▶ **Data for this exercise**

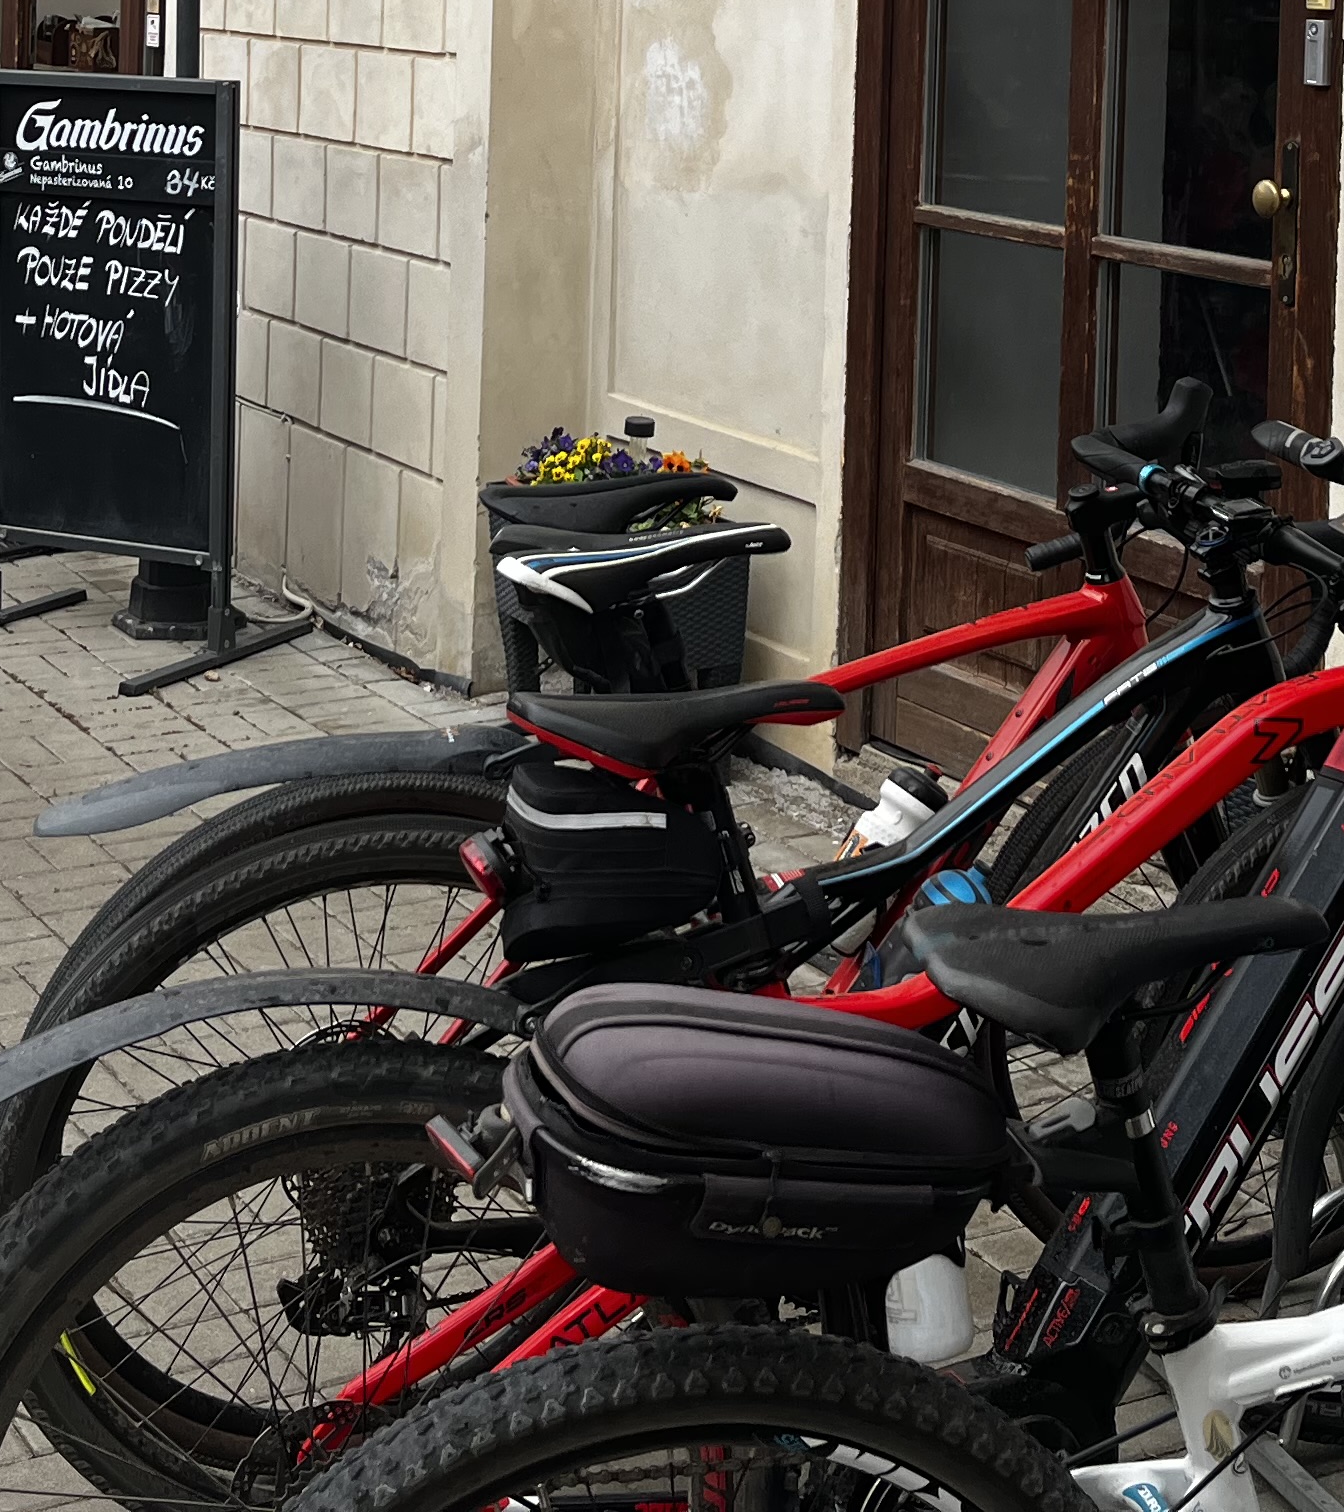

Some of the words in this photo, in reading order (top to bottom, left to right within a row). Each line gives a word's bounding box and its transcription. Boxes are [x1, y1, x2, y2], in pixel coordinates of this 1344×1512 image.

[15, 98, 205, 157] Gambrinus
[29, 154, 104, 176] Gambrinus
[29, 173, 113, 191] Nepasterizovaná
[117, 175, 134, 189] 10
[200, 175, 216, 191] Kč
[13, 200, 93, 239] KAŽDÉ
[16, 245, 95, 292] POUZE
[105, 260, 179, 308] PIZZY
[41, 303, 136, 354] HOTOVÁ
[82, 353, 150, 408] JÍDLA
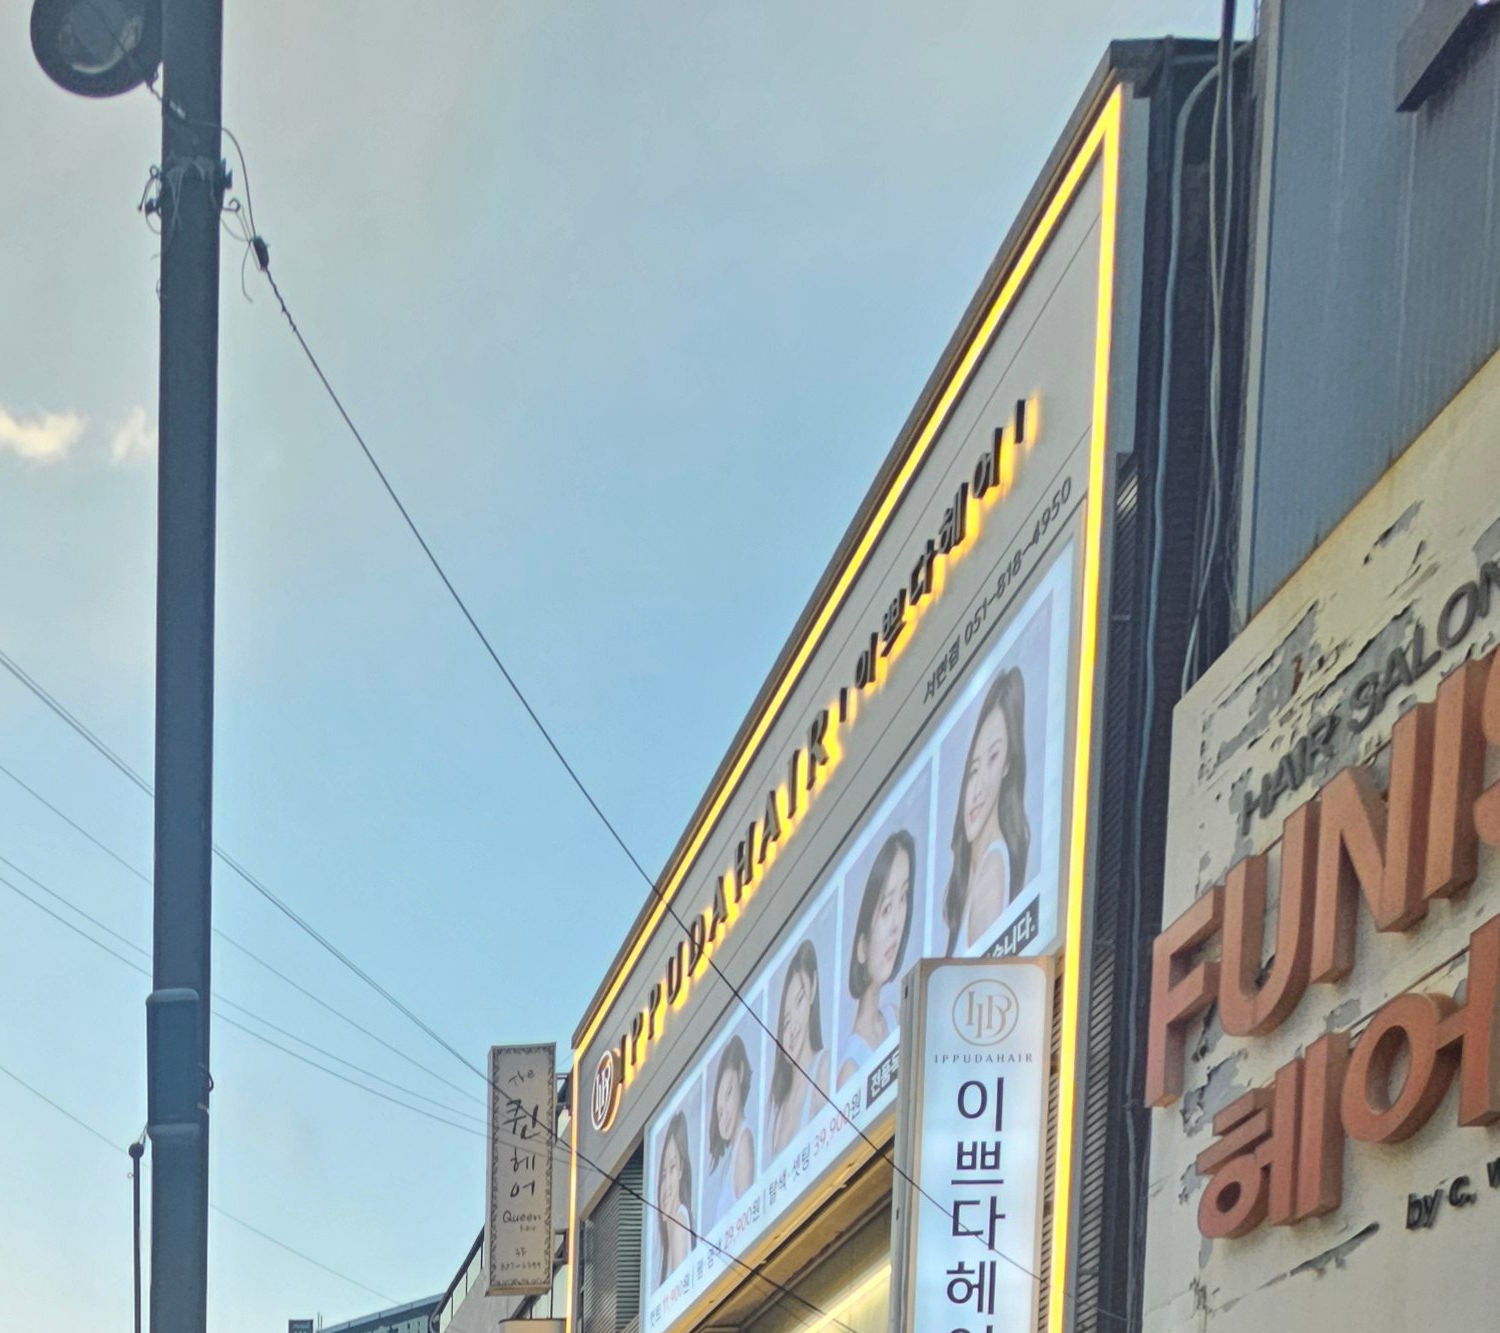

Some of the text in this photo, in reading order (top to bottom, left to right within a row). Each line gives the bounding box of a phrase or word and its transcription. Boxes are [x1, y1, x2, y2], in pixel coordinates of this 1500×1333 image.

▶ **Work task**
Leave out the pictures and set down all of the data exactly.

▶ **Output of the task**
Some of the words in this photo, in reading order (top to bottom, left to right within a row). Each line gives a word's bounding box and its transcription. Boxes are [x1, y1, x2, y2], in pixel coordinates of this 1344×1512 image.

[15, 98, 205, 157] Gambrinus
[29, 154, 104, 176] Gambrinus
[29, 173, 113, 191] Nepasterizovaná
[117, 175, 134, 189] 10
[200, 175, 216, 191] Kč
[13, 200, 93, 239] KAŽDÉ
[16, 245, 95, 292] POUZE
[105, 260, 179, 308] PIZZY
[41, 303, 136, 354] HOTOVÁ
[82, 353, 150, 408] JÍDLA

Some of the text in this photo, in reading order (top to bottom, left to right within a row). Each line gives the bounding box of a phrase or word and its transcription. Boxes are [x1, y1, x2, y2], in pixel coordinates of this 1500×1333 image.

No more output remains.